======== Provided information
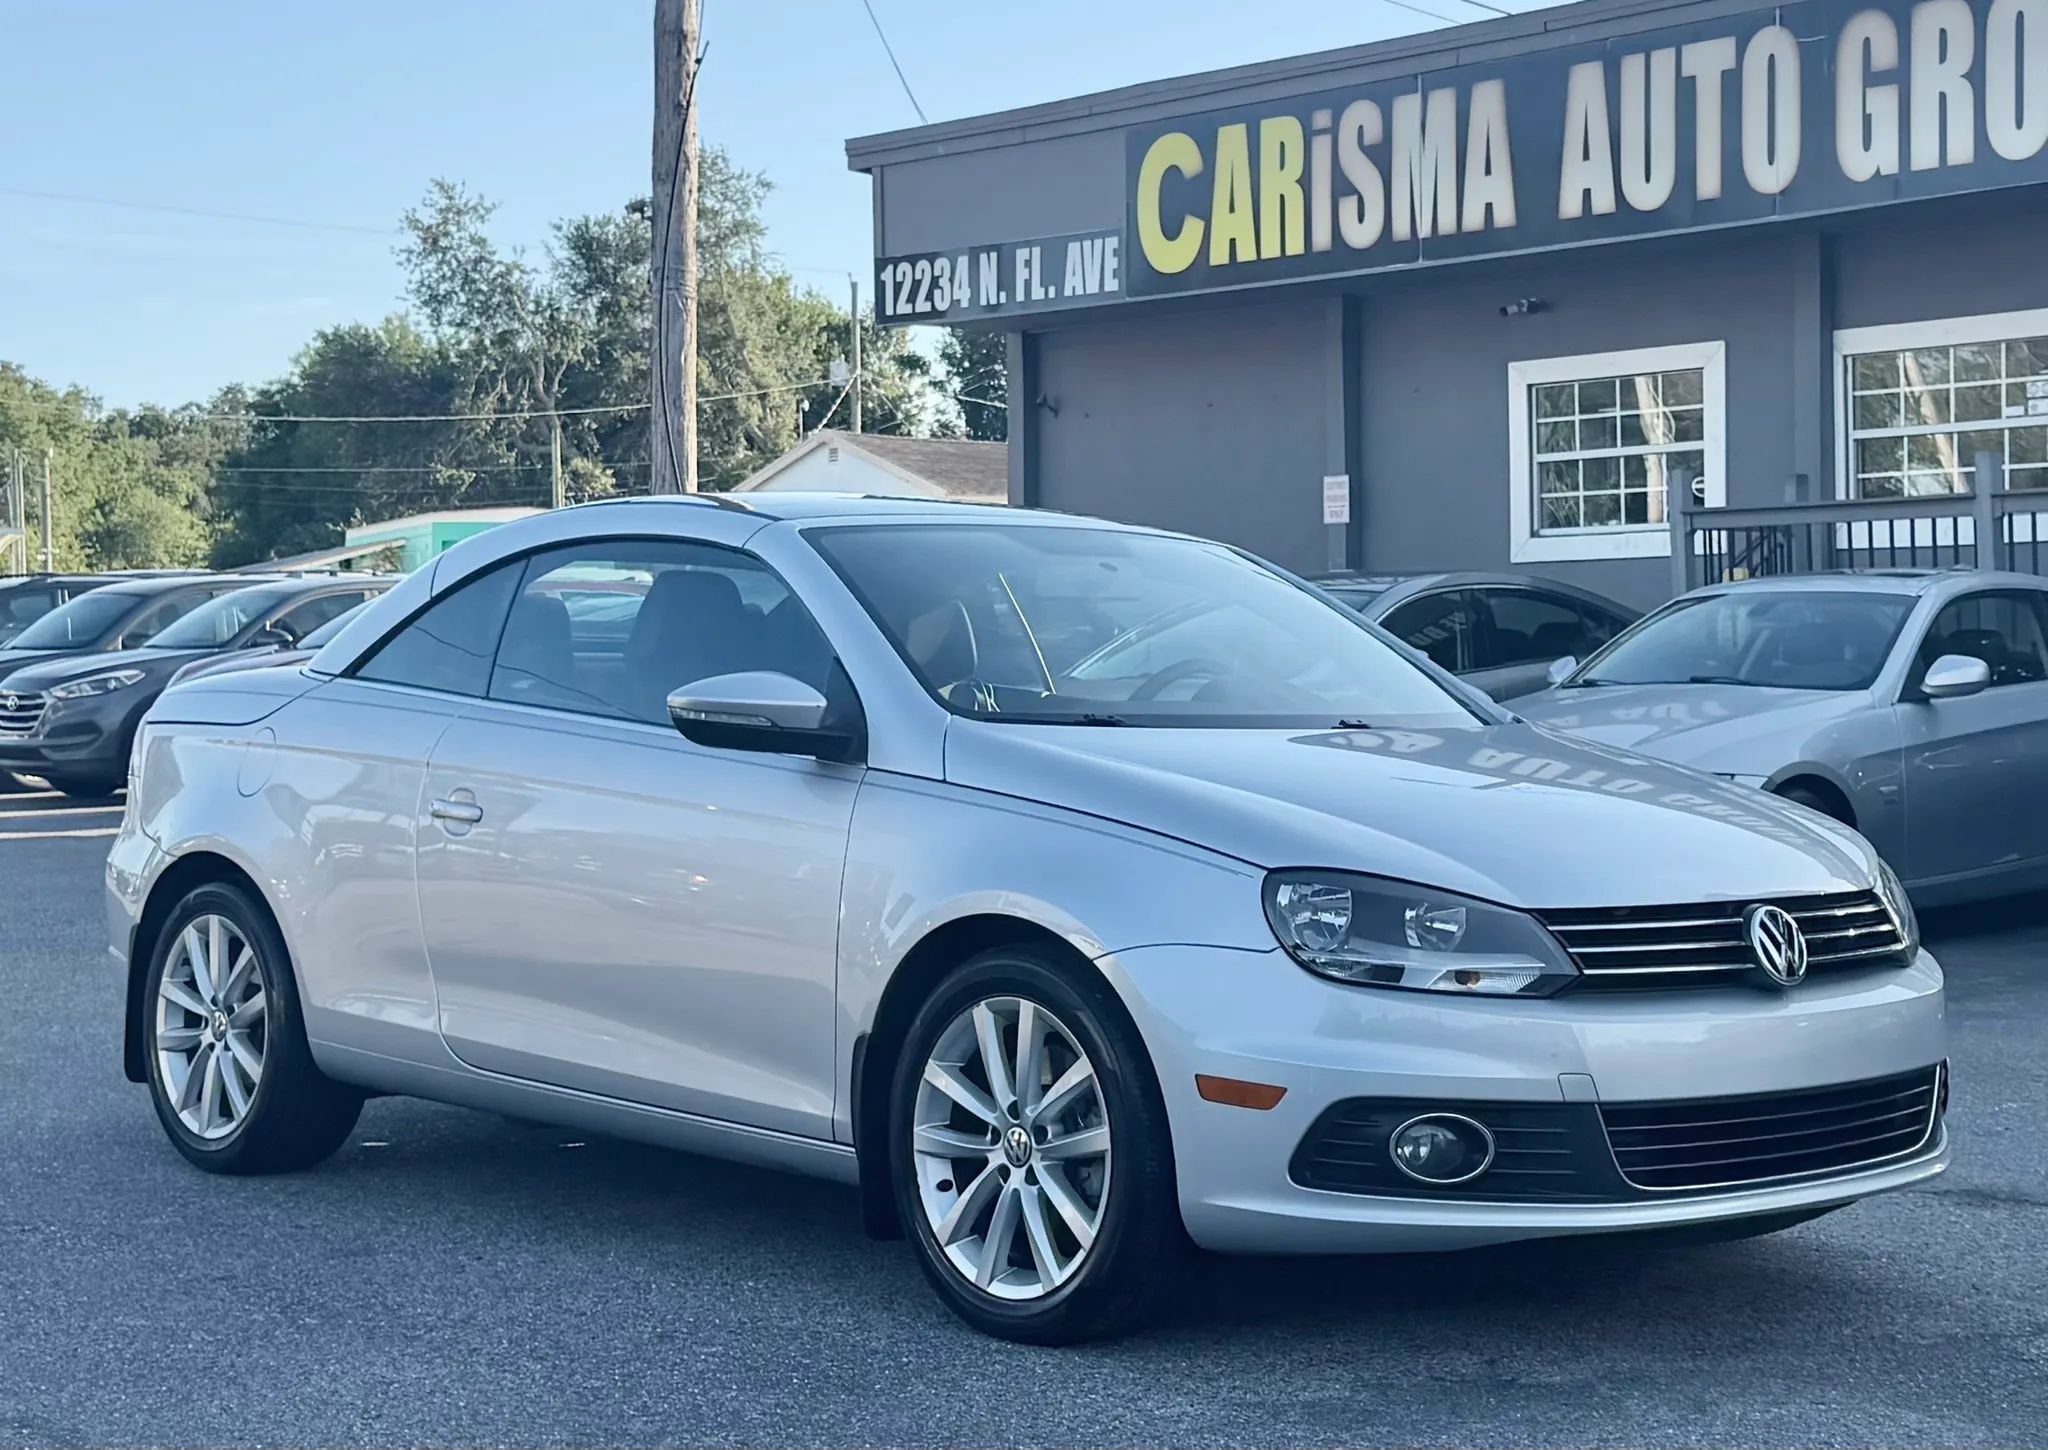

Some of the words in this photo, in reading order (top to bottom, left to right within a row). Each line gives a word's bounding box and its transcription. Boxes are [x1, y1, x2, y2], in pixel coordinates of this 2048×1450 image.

[1558, 25, 1801, 220] AUTO
[1836, 0, 2048, 183] GRO
[880, 255, 971, 316] 12234
[979, 252, 1006, 306] N.
[1016, 246, 1056, 302] FL.
[1063, 236, 1120, 297] AVE
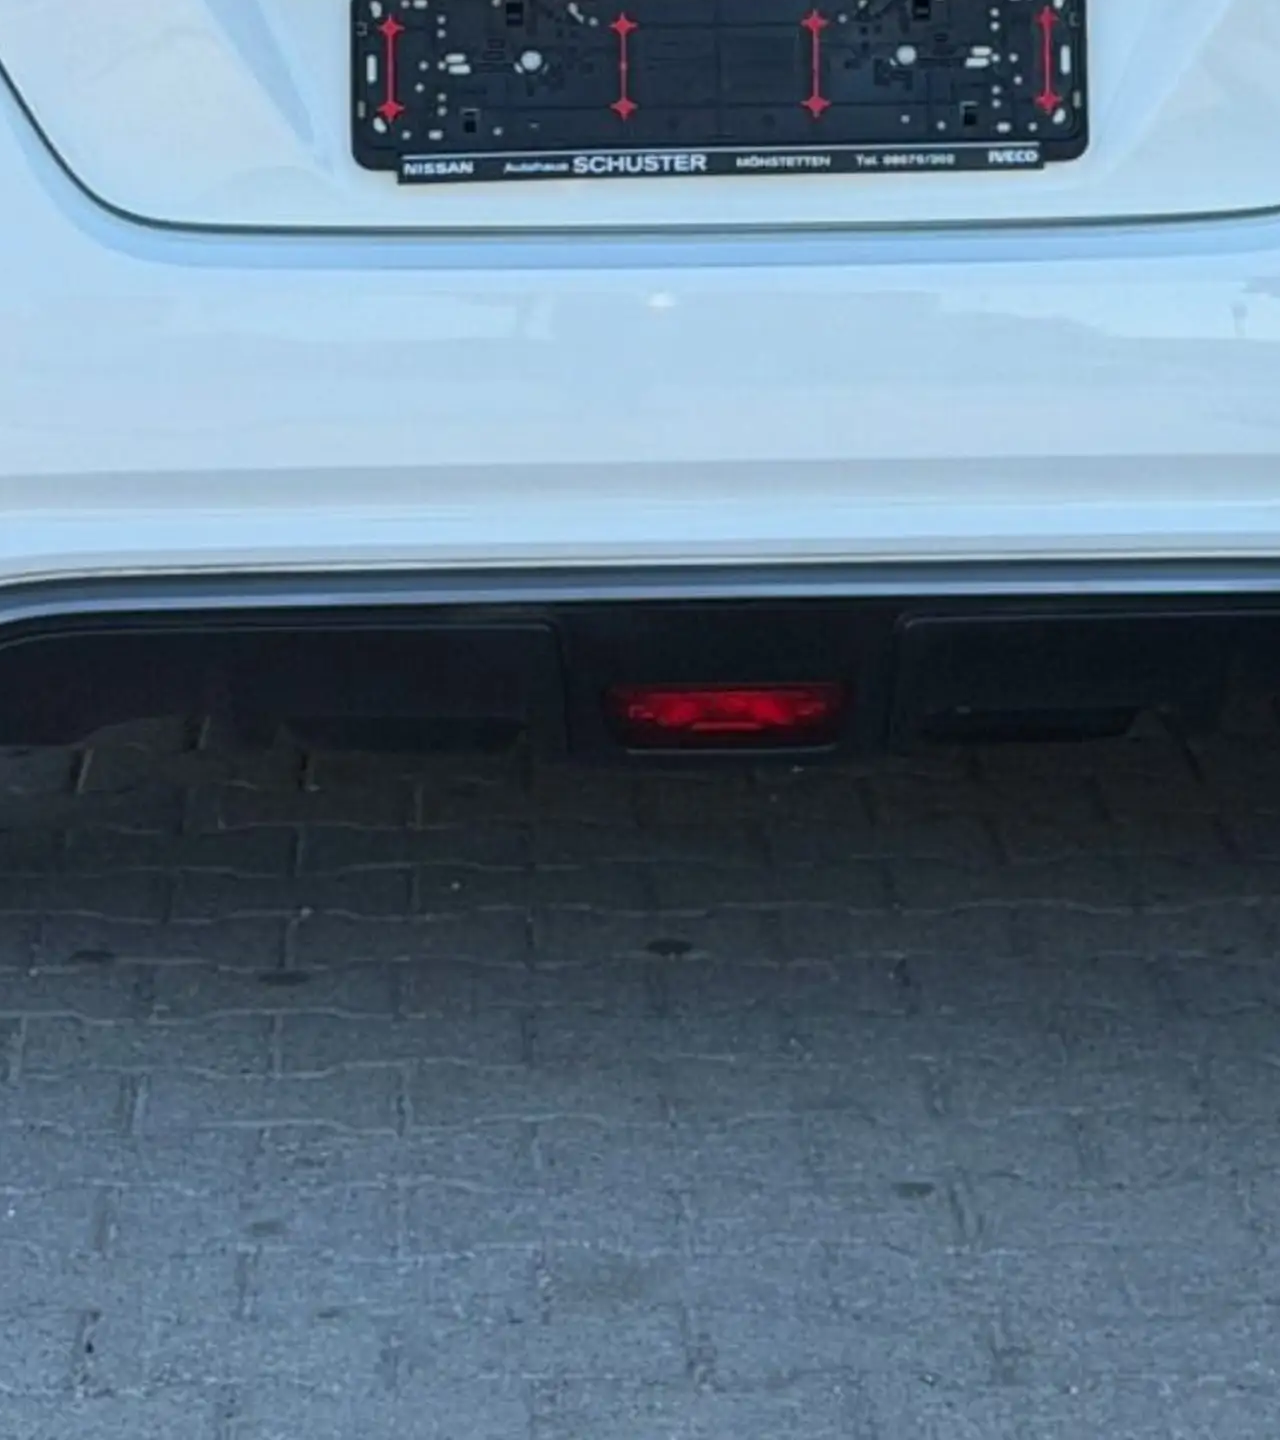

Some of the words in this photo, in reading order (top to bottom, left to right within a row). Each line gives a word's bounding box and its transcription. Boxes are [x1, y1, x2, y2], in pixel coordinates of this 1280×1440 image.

[403, 162, 474, 175] NISSAN
[573, 155, 707, 173] SCHUSTER
[988, 149, 1039, 163] IVECO
================
**Problem:** Would you copy out every entry above word for word, without the pictures?

**Task output:**
Some of the words in this photo, in reading order (top to bottom, left to right within a row). Each line gives a word's bounding box and its transcription. Boxes are [x1, y1, x2, y2], in pixel coordinates of this 2048×1450 image.

[1558, 25, 1801, 220] AUTO
[1836, 0, 2048, 183] GRO
[880, 255, 971, 316] 12234
[979, 252, 1006, 306] N.
[1016, 246, 1056, 302] FL.
[1063, 236, 1120, 297] AVE

Some of the words in this photo, in reading order (top to bottom, left to right within a row). Each line gives a word's bounding box and its transcription. Boxes are [x1, y1, x2, y2], in pixel coordinates of this 1280×1440 image.

[403, 162, 474, 175] NISSAN
[573, 155, 707, 173] SCHUSTER
[988, 149, 1039, 163] IVECO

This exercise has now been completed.